[Start of section]
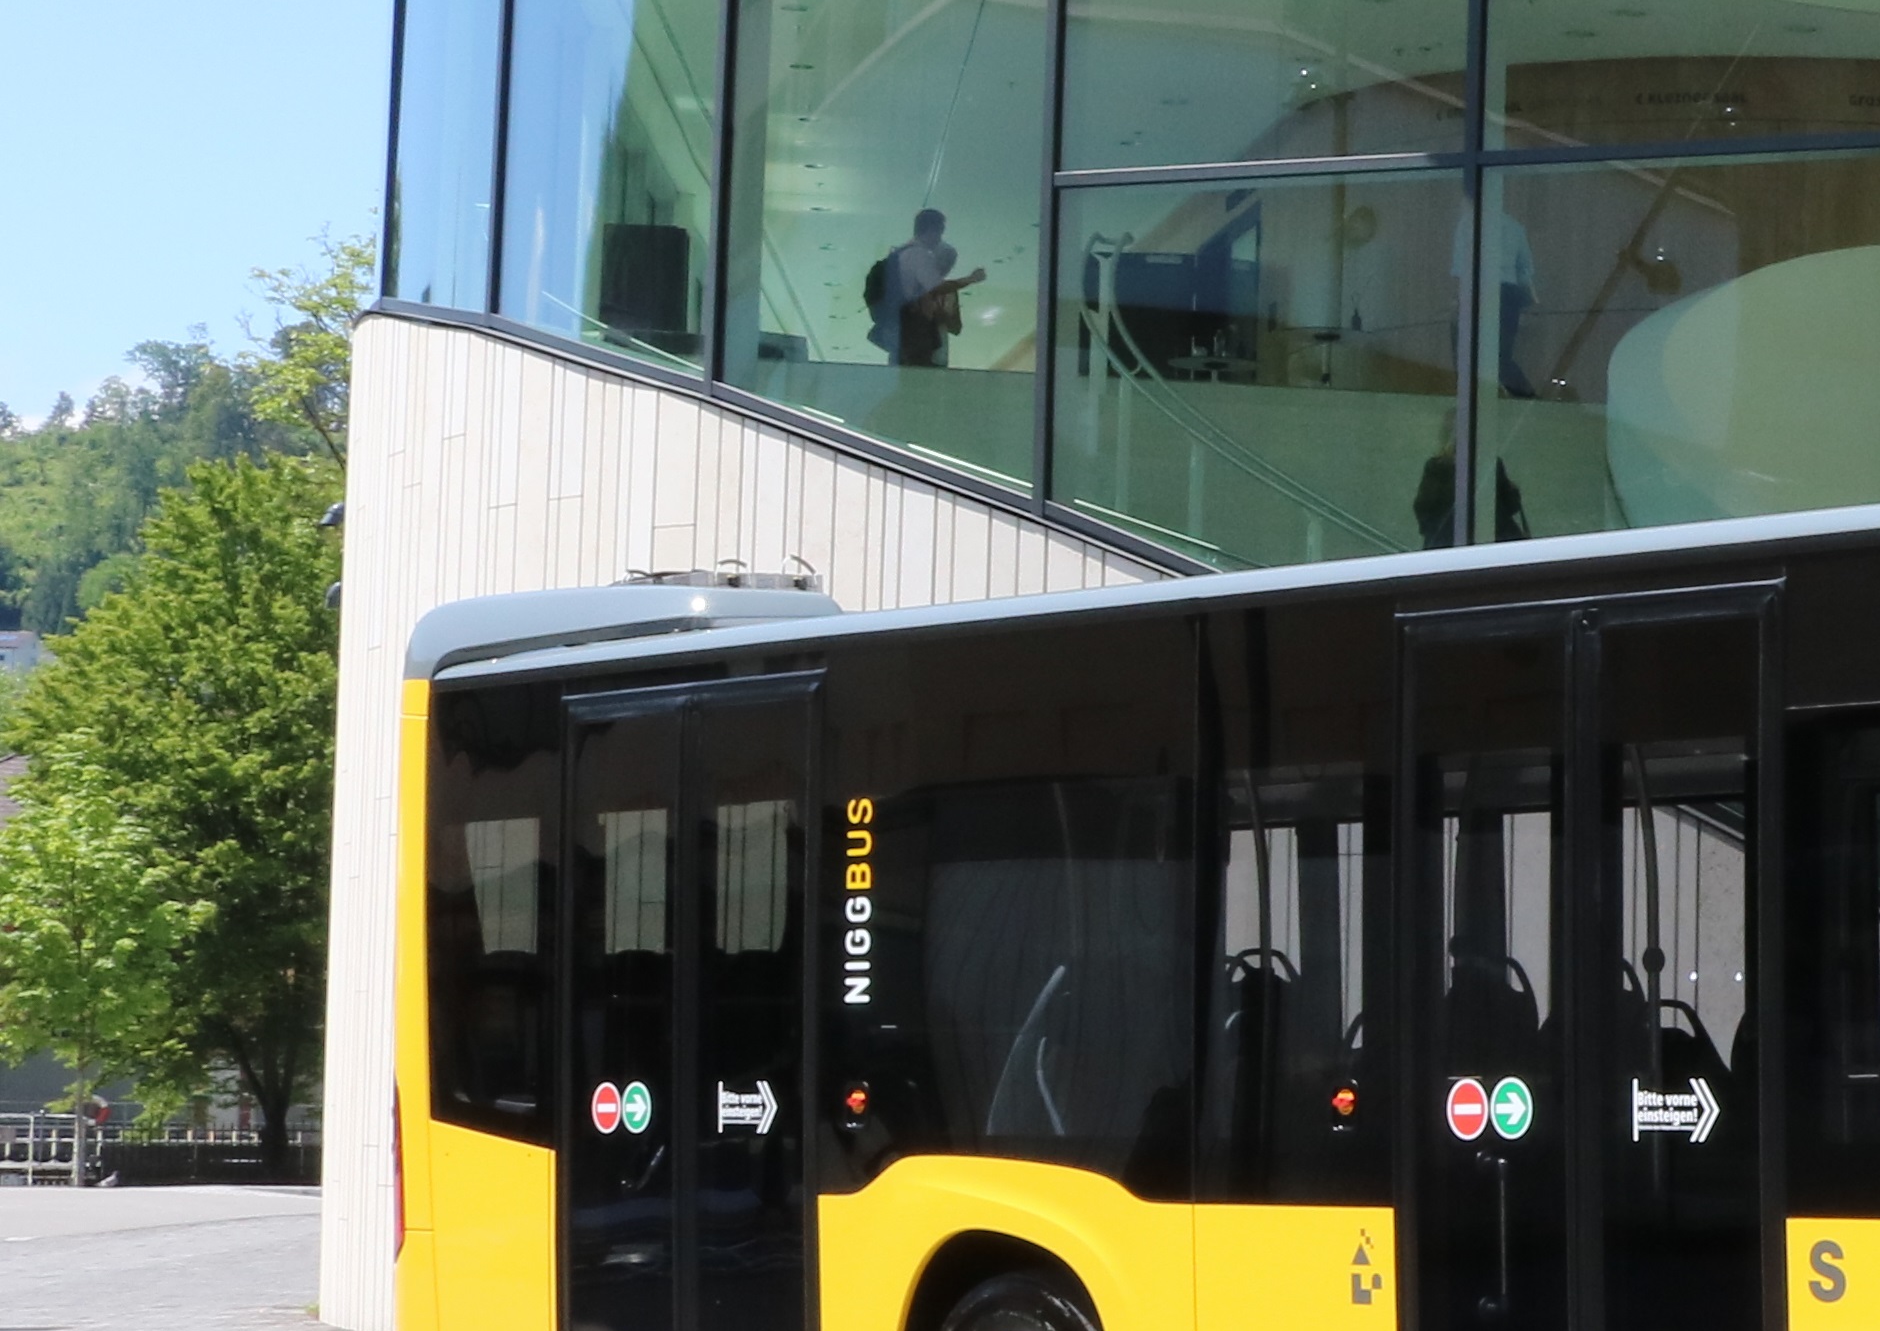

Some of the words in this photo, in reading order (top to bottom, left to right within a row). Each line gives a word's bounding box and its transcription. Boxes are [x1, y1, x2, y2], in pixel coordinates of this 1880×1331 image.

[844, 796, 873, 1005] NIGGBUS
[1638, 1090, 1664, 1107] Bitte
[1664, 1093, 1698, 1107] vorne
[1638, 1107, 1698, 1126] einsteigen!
[End of section]
» **EXERCISE OBJECTIVE**
Word for word, restate the records above and drop the pictures.

» **SOLUTION TO THIS EXERCISE**
Some of the words in this photo, in reading order (top to bottom, left to right within a row). Each line gives a word's bounding box and its transcription. Boxes are [x1, y1, x2, y2], in pixel coordinates of this 1880×1331 image.

[844, 796, 873, 1005] NIGGBUS
[1638, 1090, 1664, 1107] Bitte
[1664, 1093, 1698, 1107] vorne
[1638, 1107, 1698, 1126] einsteigen!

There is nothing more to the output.